Data excerpts:
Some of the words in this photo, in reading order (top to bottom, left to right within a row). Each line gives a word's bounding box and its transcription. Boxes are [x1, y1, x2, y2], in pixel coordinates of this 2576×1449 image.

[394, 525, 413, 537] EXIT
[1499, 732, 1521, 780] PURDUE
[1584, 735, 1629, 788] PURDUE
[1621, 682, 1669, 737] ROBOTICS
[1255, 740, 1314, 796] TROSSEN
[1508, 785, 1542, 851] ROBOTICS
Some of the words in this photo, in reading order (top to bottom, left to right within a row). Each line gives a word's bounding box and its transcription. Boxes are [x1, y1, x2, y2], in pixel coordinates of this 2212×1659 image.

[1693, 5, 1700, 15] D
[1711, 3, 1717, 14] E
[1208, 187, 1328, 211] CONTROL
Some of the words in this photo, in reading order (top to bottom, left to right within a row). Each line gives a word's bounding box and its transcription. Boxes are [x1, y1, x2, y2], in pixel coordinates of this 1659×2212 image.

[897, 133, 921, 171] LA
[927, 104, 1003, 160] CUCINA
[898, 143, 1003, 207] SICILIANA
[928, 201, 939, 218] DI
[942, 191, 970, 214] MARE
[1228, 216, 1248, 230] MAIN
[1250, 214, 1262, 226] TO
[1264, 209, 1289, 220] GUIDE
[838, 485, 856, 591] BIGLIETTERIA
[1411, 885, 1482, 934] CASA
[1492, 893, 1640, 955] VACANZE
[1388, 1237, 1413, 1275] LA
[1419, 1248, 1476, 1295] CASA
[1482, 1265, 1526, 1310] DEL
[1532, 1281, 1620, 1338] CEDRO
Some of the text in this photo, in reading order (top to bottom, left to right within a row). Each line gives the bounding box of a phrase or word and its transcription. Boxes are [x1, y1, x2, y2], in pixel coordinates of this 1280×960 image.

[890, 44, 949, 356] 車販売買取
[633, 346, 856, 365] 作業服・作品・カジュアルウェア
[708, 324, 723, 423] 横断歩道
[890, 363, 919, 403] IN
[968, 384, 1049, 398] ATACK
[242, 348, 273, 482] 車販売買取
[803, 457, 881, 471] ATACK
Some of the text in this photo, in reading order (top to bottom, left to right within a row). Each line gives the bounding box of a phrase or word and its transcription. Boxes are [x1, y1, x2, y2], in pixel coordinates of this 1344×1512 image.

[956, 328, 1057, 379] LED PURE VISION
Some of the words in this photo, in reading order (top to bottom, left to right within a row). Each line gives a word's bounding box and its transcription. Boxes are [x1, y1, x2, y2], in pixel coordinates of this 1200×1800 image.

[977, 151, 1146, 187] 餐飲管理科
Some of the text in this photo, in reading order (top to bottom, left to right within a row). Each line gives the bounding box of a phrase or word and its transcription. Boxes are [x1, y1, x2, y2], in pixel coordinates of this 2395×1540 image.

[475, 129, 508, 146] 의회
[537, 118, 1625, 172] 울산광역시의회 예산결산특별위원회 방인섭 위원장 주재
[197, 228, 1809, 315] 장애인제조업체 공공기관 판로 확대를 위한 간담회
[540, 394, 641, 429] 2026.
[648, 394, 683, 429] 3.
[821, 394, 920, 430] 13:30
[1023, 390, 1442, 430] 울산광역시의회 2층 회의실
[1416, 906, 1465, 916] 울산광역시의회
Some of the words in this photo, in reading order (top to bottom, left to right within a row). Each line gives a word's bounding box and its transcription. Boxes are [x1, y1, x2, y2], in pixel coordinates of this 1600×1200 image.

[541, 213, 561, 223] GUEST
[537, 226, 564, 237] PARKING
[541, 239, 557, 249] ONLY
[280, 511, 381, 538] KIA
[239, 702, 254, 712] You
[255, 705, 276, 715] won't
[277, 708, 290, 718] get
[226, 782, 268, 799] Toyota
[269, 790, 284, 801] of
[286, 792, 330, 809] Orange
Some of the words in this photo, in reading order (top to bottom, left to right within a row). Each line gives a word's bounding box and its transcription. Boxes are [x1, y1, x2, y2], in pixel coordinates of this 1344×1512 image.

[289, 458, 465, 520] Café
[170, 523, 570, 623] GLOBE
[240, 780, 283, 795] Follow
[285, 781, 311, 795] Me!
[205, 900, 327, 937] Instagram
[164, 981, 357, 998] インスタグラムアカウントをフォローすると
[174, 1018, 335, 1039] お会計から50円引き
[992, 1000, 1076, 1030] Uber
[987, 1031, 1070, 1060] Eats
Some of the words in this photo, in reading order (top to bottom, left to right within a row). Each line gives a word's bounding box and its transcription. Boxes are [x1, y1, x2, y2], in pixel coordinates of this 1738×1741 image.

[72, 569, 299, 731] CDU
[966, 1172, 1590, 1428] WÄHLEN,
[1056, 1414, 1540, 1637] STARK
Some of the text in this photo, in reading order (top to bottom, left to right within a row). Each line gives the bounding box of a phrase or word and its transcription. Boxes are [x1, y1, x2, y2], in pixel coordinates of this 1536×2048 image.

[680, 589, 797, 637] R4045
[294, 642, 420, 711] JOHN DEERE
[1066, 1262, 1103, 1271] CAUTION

- **What you need to do**
Return the data above in full, keeping each line exactly as it stands.

- **Result of this task**
Some of the words in this photo, in reading order (top to bottom, left to right within a row). Each line gives a word's bounding box and its transcription. Boxes are [x1, y1, x2, y2], in pixel coordinates of this 2576×1449 image.

[394, 525, 413, 537] EXIT
[1499, 732, 1521, 780] PURDUE
[1584, 735, 1629, 788] PURDUE
[1621, 682, 1669, 737] ROBOTICS
[1255, 740, 1314, 796] TROSSEN
[1508, 785, 1542, 851] ROBOTICS
Some of the words in this photo, in reading order (top to bottom, left to right within a row). Each line gives a word's bounding box and its transcription. Boxes are [x1, y1, x2, y2], in pixel coordinates of this 2212×1659 image.

[1693, 5, 1700, 15] D
[1711, 3, 1717, 14] E
[1208, 187, 1328, 211] CONTROL
Some of the words in this photo, in reading order (top to bottom, left to right within a row). Each line gives a word's bounding box and its transcription. Boxes are [x1, y1, x2, y2], in pixel coordinates of this 1659×2212 image.

[897, 133, 921, 171] LA
[927, 104, 1003, 160] CUCINA
[898, 143, 1003, 207] SICILIANA
[928, 201, 939, 218] DI
[942, 191, 970, 214] MARE
[1228, 216, 1248, 230] MAIN
[1250, 214, 1262, 226] TO
[1264, 209, 1289, 220] GUIDE
[838, 485, 856, 591] BIGLIETTERIA
[1411, 885, 1482, 934] CASA
[1492, 893, 1640, 955] VACANZE
[1388, 1237, 1413, 1275] LA
[1419, 1248, 1476, 1295] CASA
[1482, 1265, 1526, 1310] DEL
[1532, 1281, 1620, 1338] CEDRO
Some of the text in this photo, in reading order (top to bottom, left to right within a row). Each line gives the bounding box of a phrase or word and its transcription. Boxes are [x1, y1, x2, y2], in pixel coordinates of this 1280×960 image.

[890, 44, 949, 356] 車販売買取
[633, 346, 856, 365] 作業服・作品・カジュアルウェア
[708, 324, 723, 423] 横断歩道
[890, 363, 919, 403] IN
[968, 384, 1049, 398] ATACK
[242, 348, 273, 482] 車販売買取
[803, 457, 881, 471] ATACK
Some of the text in this photo, in reading order (top to bottom, left to right within a row). Each line gives the bounding box of a phrase or word and its transcription. Boxes are [x1, y1, x2, y2], in pixel coordinates of this 1344×1512 image.

[956, 328, 1057, 379] LED PURE VISION
Some of the words in this photo, in reading order (top to bottom, left to right within a row). Each line gives a word's bounding box and its transcription. Boxes are [x1, y1, x2, y2], in pixel coordinates of this 1200×1800 image.

[977, 151, 1146, 187] 餐飲管理科
Some of the text in this photo, in reading order (top to bottom, left to right within a row). Each line gives the bounding box of a phrase or word and its transcription. Boxes are [x1, y1, x2, y2], in pixel coordinates of this 2395×1540 image.

[475, 129, 508, 146] 의회
[537, 118, 1625, 172] 울산광역시의회 예산결산특별위원회 방인섭 위원장 주재
[197, 228, 1809, 315] 장애인제조업체 공공기관 판로 확대를 위한 간담회
[540, 394, 641, 429] 2026.
[648, 394, 683, 429] 3.
[821, 394, 920, 430] 13:30
[1023, 390, 1442, 430] 울산광역시의회 2층 회의실
[1416, 906, 1465, 916] 울산광역시의회
Some of the words in this photo, in reading order (top to bottom, left to right within a row). Each line gives a word's bounding box and its transcription. Boxes are [x1, y1, x2, y2], in pixel coordinates of this 1600×1200 image.

[541, 213, 561, 223] GUEST
[537, 226, 564, 237] PARKING
[541, 239, 557, 249] ONLY
[280, 511, 381, 538] KIA
[239, 702, 254, 712] You
[255, 705, 276, 715] won't
[277, 708, 290, 718] get
[226, 782, 268, 799] Toyota
[269, 790, 284, 801] of
[286, 792, 330, 809] Orange
Some of the words in this photo, in reading order (top to bottom, left to right within a row). Each line gives a word's bounding box and its transcription. Boxes are [x1, y1, x2, y2], in pixel coordinates of this 1344×1512 image.

[289, 458, 465, 520] Café
[170, 523, 570, 623] GLOBE
[240, 780, 283, 795] Follow
[285, 781, 311, 795] Me!
[205, 900, 327, 937] Instagram
[164, 981, 357, 998] インスタグラムアカウントをフォローすると
[174, 1018, 335, 1039] お会計から50円引き
[992, 1000, 1076, 1030] Uber
[987, 1031, 1070, 1060] Eats
Some of the words in this photo, in reading order (top to bottom, left to right within a row). Each line gives a word's bounding box and its transcription. Boxes are [x1, y1, x2, y2], in pixel coordinates of this 1738×1741 image.

[72, 569, 299, 731] CDU
[966, 1172, 1590, 1428] WÄHLEN,
[1056, 1414, 1540, 1637] STARK
Some of the text in this photo, in reading order (top to bottom, left to right within a row). Each line gives the bounding box of a phrase or word and its transcription. Boxes are [x1, y1, x2, y2], in pixel coordinates of this 1536×2048 image.

[680, 589, 797, 637] R4045
[294, 642, 420, 711] JOHN DEERE
[1066, 1262, 1103, 1271] CAUTION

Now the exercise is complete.